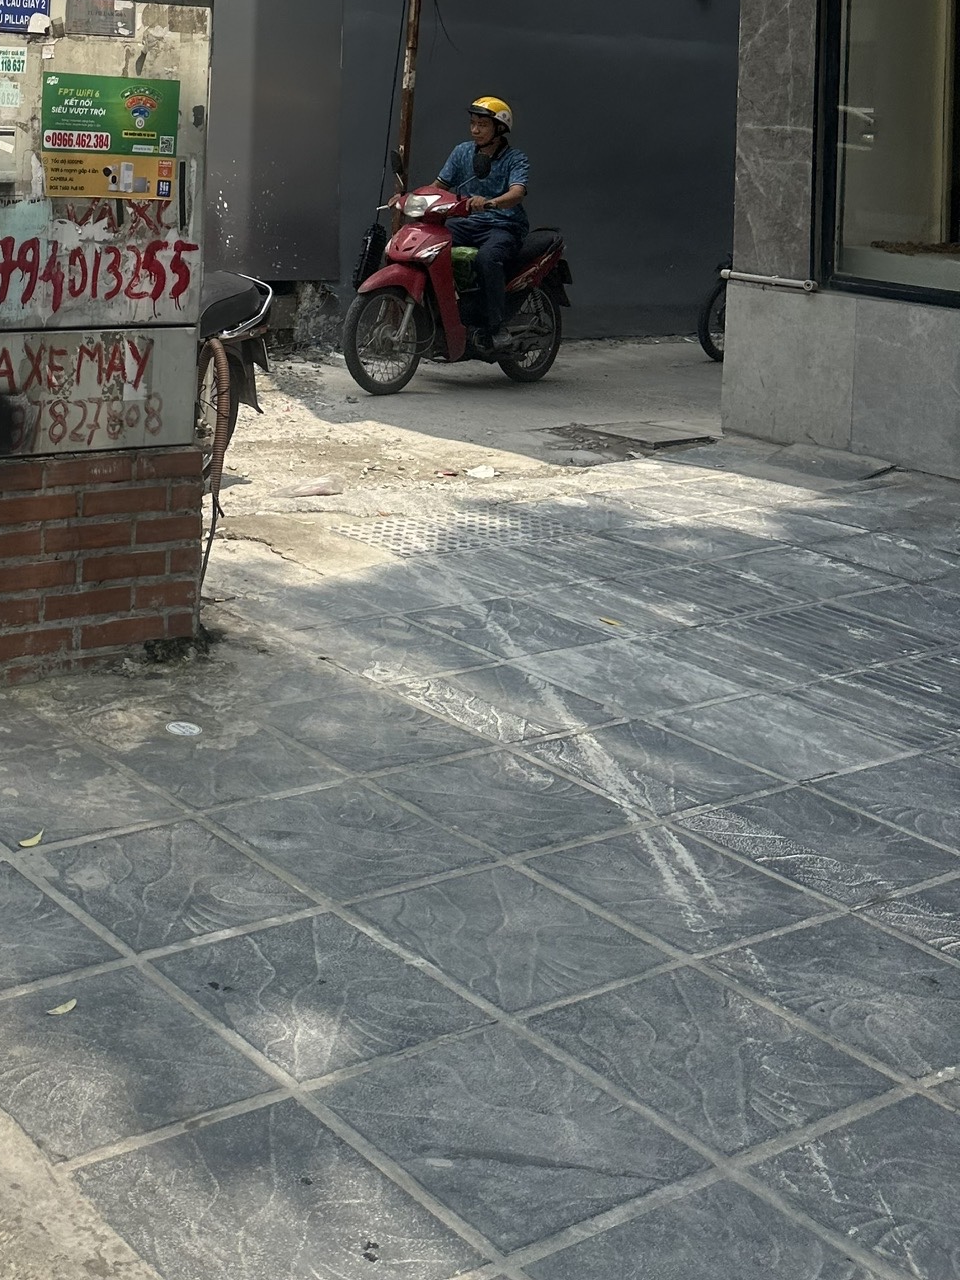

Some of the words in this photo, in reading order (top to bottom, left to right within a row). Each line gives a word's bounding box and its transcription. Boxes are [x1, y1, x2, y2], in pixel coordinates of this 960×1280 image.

[41, 0, 46, 9] 2
[58, 87, 74, 96] FPT
[95, 90, 100, 98] 6
[64, 96, 79, 106] KẾT
[51, 104, 67, 114] SIÊU
[90, 108, 106, 117] TRỘI
[51, 131, 109, 149] 0966.462.384
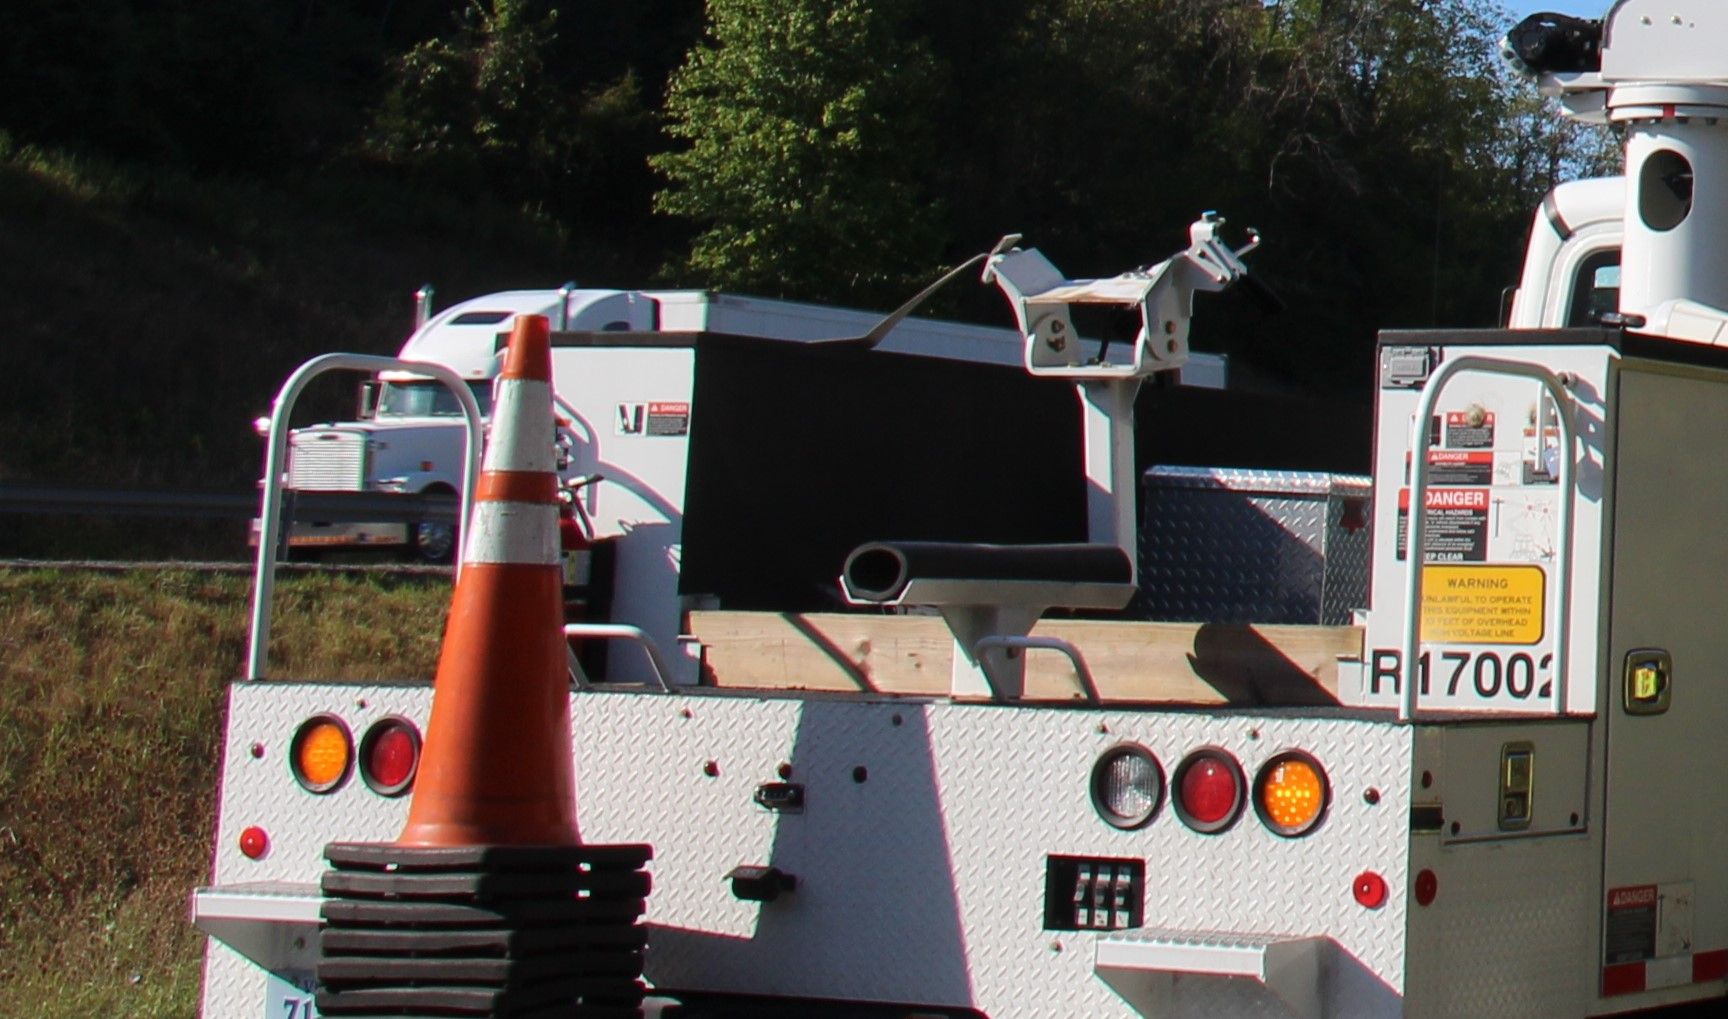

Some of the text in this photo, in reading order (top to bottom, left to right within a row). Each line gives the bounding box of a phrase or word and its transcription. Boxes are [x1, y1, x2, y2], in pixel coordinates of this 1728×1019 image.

[1439, 452, 1469, 461] DANGER
[1437, 552, 1464, 561] CLEAR
[1447, 578, 1508, 589] WARNING
[1475, 596, 1487, 604] TO
[1489, 596, 1532, 604] OPERATE
[1445, 606, 1498, 615] EQUIPMENT
[1500, 607, 1531, 615] WITHIN
[1462, 618, 1475, 626] OF
[1476, 618, 1528, 627] OVERHEAD
[1495, 629, 1515, 638] LINE
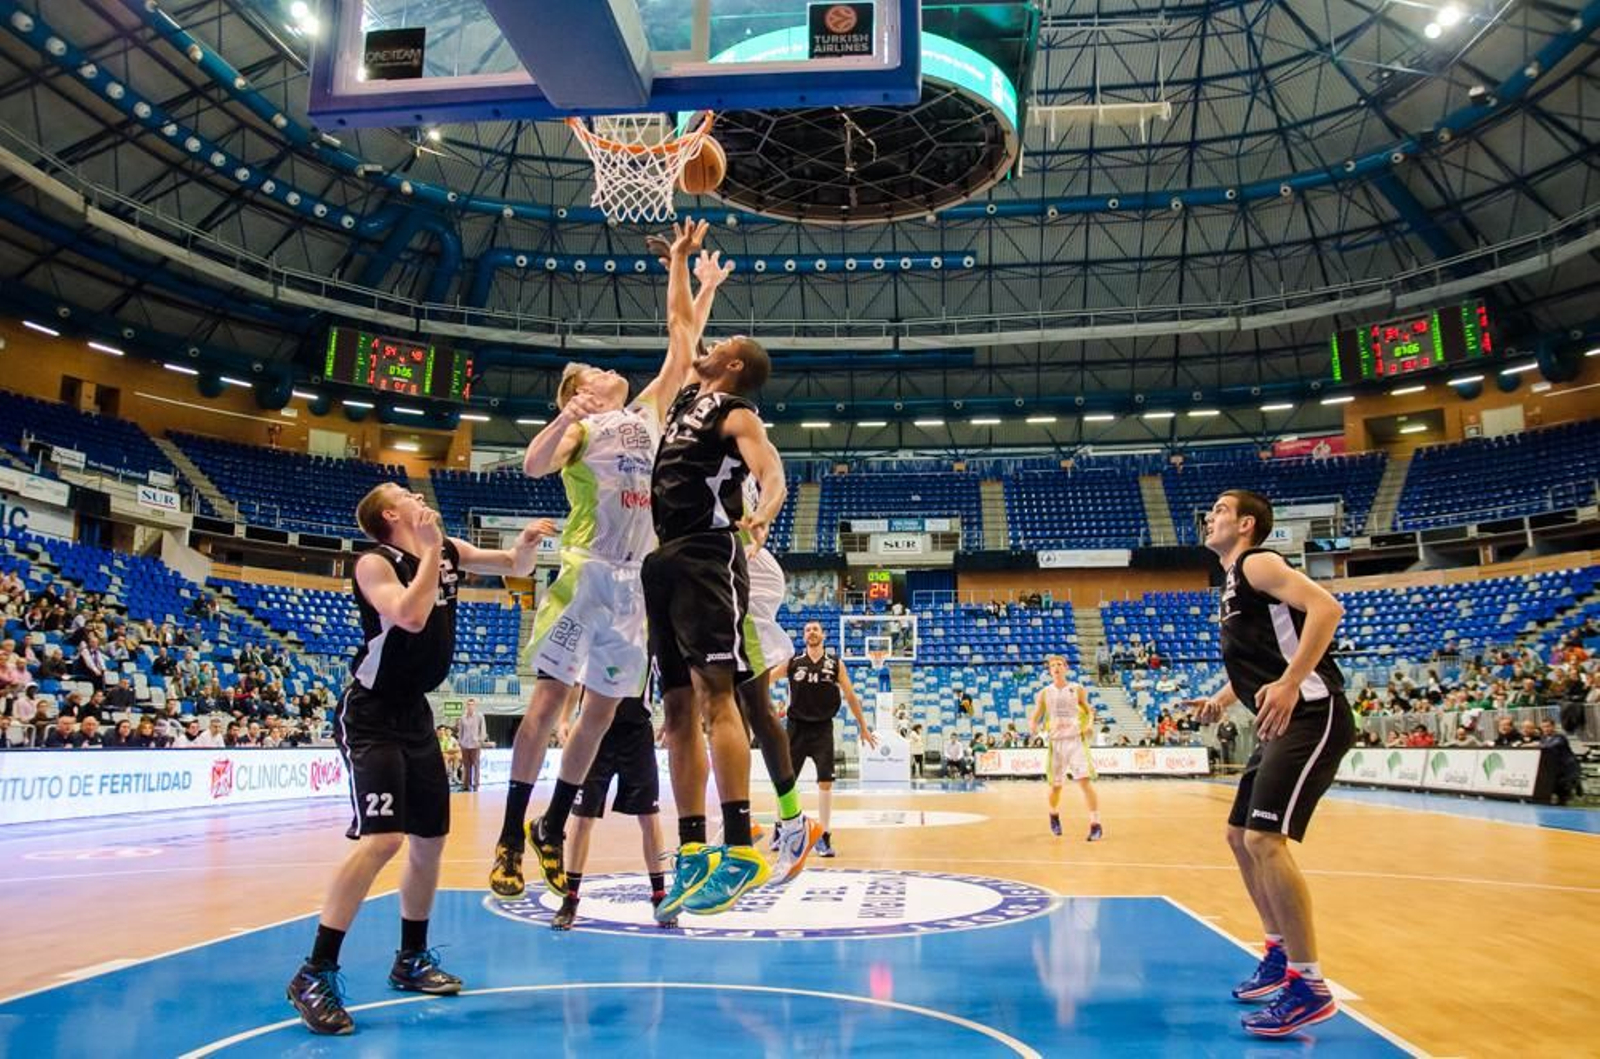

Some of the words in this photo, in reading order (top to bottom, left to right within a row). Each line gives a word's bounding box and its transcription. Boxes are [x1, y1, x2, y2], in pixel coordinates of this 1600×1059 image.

[814, 34, 869, 44] TURKISH
[814, 43, 870, 53] AIRLINES
[141, 489, 175, 506] SUR
[883, 541, 917, 549] SUR
[870, 583, 888, 598] 24
[69, 775, 94, 797] DE
[99, 770, 192, 795] FERTILIDAD
[236, 763, 308, 791] CLINICAS
[366, 793, 394, 817] 22
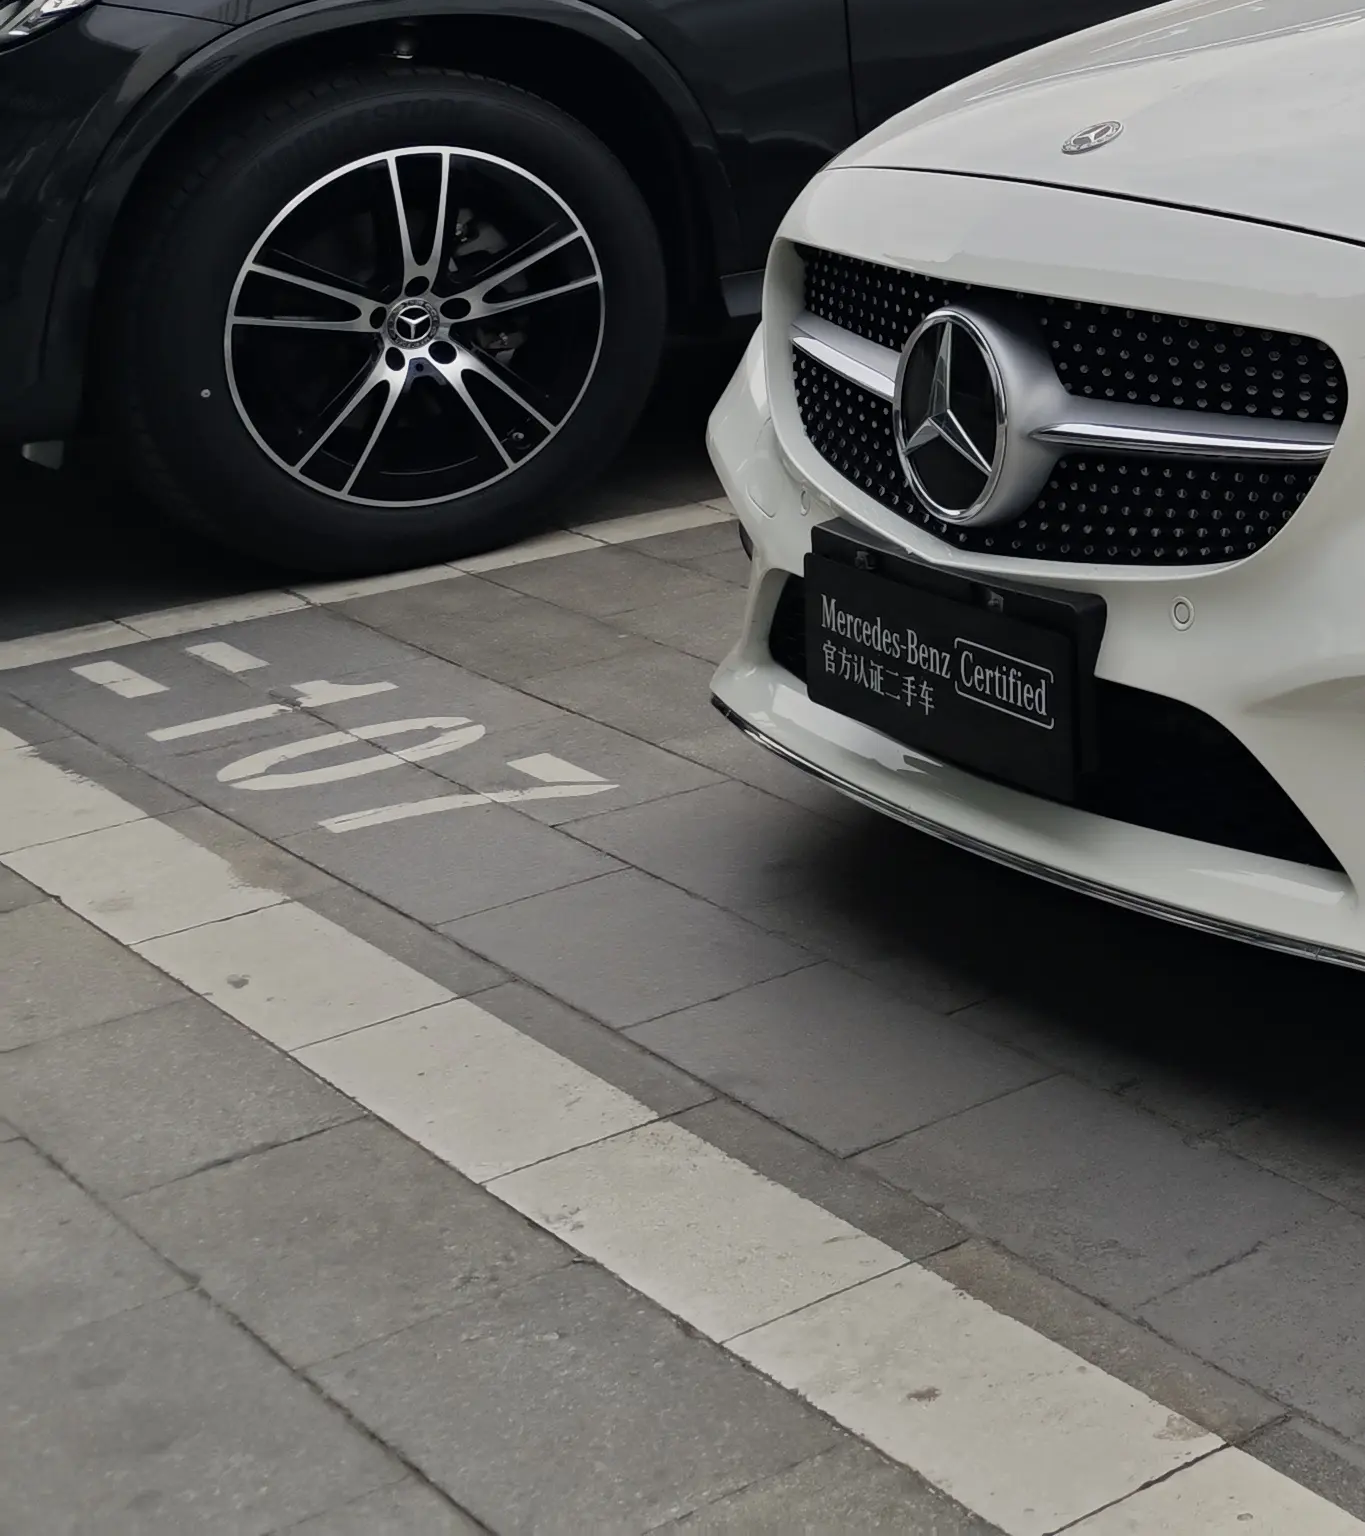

# # # #

Exercise goal
Pictures are to be omitted; otherwise, write out the data exactly as it appears.

Reply to the exercise
Some of the words in this photo, in reading order (top to bottom, left to right within a row). Each line gives a word's bounding box and its transcription. Boxes are [x1, y1, x2, y2], in pixel coordinates of this 960×1280 image.

[41, 0, 46, 9] 2
[58, 87, 74, 96] FPT
[95, 90, 100, 98] 6
[64, 96, 79, 106] KẾT
[51, 104, 67, 114] SIÊU
[90, 108, 106, 117] TRỘI
[51, 131, 109, 149] 0966.462.384

Some of the text in this photo, in reading order (top to bottom, left to right within a row). Each line gives the bounding box of a phrase or word and its transcription. Boxes are [x1, y1, x2, y2], in pixel coordinates of this 1728×1019 image.

[1439, 452, 1469, 461] DANGER
[1437, 552, 1464, 561] CLEAR
[1447, 578, 1508, 589] WARNING
[1475, 596, 1487, 604] TO
[1489, 596, 1532, 604] OPERATE
[1445, 606, 1498, 615] EQUIPMENT
[1500, 607, 1531, 615] WITHIN
[1462, 618, 1475, 626] OF
[1476, 618, 1528, 627] OVERHEAD
[1495, 629, 1515, 638] LINE

Some of the words in this photo, in reading order (top to bottom, left to right within a row). Each line gives a word's bounding box and its transcription. Boxes are [x1, y1, x2, y2], in pixel coordinates of this 1600×1059 image.

[814, 34, 869, 44] TURKISH
[814, 43, 870, 53] AIRLINES
[141, 489, 175, 506] SUR
[883, 541, 917, 549] SUR
[870, 583, 888, 598] 24
[69, 775, 94, 797] DE
[99, 770, 192, 795] FERTILIDAD
[236, 763, 308, 791] CLINICAS
[366, 793, 394, 817] 22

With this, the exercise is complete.